Thursday, May 04, 2006

Did the earth move for you too?

Yesterday morning I was awake or awoke, at 4.30 and felt myself shaking. I thought this was a bit weird (and annoying because that's a bad kind of sick), but then I noticed that the bed was creaking, and as the seconds passed, that the windows and whole house was making a fair bit of noise. All the dogs in the neighbourhood went dead quiet but the insects kept singing their symphony. Earthquake!

The quake lasted a while - easily three minutes - and picked up intensity about halfway through. With the epicentre in Tongan waters there really was never any danger of the quake itself manifesting dangerously here in Samoa. Furthermore, with Apia on the other side of 'Upolu, the chances of any tsunami from the region of Tonga actually causing any real grief here were close to nil.

Whilst I lay in my bed shaking and shuddering about it struck me that it felt just like those massage beds or chairs. The ones where you put in a dollar and it vibrates for a few minutes (no, not those other "massage beds"). Funny, the thoughts that run through your head.

Moments after the quake finished all the dogs in the area went beserk for a couple of minutes before settling back down to sleep. I slowly joined them in slumber for another couple of hours then woke up and made my way into work.

Once I made it into work I discovered that the Prime Minister declared all schools and government offices closed for the day in response to a tsunami alert issued earlier in the morning by the Pacific Tsunami Warning Centre (in Hawaii). I spent the morning shopping and enjoying good coffee at a nearby cafe. Two hours later his decision regarding government offices was reversed and we went back to work.

Even though yesterday's earthquake generated only the smallest of tsunamis (Niue measured a 0.21 metre wave), the threat of serious damage in Samoa is very real. Most villages in Samoa are coastal and in Apia itself, many of the emergency response arms of government have their main offices metres from the shore. The meteorology, government radio, police and fire station offices are all exposed in this way.

Another important issue here is education. Given the responses in today's Observer newspaper about the tsunami alert (Street Talk - "How about the tsunami alert?"), it's clear that many Samoans have little understanding of the nature of the event:

"I think that the warning came at the wrong time and that they (Meteorology Division) should have warned the public before the earthquake hit."

"I think that they should have warned us the night before instead of early this morning when they were expecting a tidal wave to hit our shores."

"This is a negative sign which is an indication that the Meteorological office were not doing their job."

"The sudden warning was not very professional because it was a sign that the public have no one to trust if a natural disaster hits."

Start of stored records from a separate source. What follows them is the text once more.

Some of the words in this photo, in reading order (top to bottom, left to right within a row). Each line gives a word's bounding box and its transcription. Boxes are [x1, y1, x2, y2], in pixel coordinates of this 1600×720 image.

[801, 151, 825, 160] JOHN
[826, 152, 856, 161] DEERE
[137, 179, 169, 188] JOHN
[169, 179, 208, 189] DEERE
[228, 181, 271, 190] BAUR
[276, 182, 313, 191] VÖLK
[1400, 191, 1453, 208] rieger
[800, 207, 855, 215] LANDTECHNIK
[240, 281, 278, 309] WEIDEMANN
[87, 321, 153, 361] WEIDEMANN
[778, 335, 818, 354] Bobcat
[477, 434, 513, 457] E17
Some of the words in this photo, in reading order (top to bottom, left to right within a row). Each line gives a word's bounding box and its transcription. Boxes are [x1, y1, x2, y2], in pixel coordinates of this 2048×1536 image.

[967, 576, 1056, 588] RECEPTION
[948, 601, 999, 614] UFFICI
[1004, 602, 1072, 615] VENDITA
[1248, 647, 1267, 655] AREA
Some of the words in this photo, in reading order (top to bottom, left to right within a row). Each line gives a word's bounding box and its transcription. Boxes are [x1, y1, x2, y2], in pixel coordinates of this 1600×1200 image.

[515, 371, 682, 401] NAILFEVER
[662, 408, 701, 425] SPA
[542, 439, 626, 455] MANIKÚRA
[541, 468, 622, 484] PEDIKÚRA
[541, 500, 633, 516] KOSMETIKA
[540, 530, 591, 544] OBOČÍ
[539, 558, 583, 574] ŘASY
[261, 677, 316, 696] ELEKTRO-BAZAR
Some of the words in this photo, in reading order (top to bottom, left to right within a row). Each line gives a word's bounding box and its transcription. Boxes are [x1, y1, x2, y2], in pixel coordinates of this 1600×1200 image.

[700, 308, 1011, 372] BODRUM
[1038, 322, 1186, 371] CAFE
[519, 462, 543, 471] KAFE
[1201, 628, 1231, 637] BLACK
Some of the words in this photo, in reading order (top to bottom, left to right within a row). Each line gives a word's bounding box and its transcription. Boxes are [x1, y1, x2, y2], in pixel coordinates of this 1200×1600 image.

Questions are already being asked about the capacity of the government to respond in a timely and appropriate fashion to natural disasters. I imagine we'll see that issue thrashed out in the newspaper over the next couple of days. I wonder though, given the responses above, if we'll see the same kind of attention paid to the importance of public education as part of any natural disaster plan.

2 comments:

nicole said...

Thanks for the report. Glad you're okay and got a few hours to sip coffee and enjoy island life. :)

jt said...

I've already emailed a couple of friends in Fiji. I'm most curious as to what they experienced. The USGS earthquake website only has a few responses from Samoa, Tonga, Niue and the Cook Islands.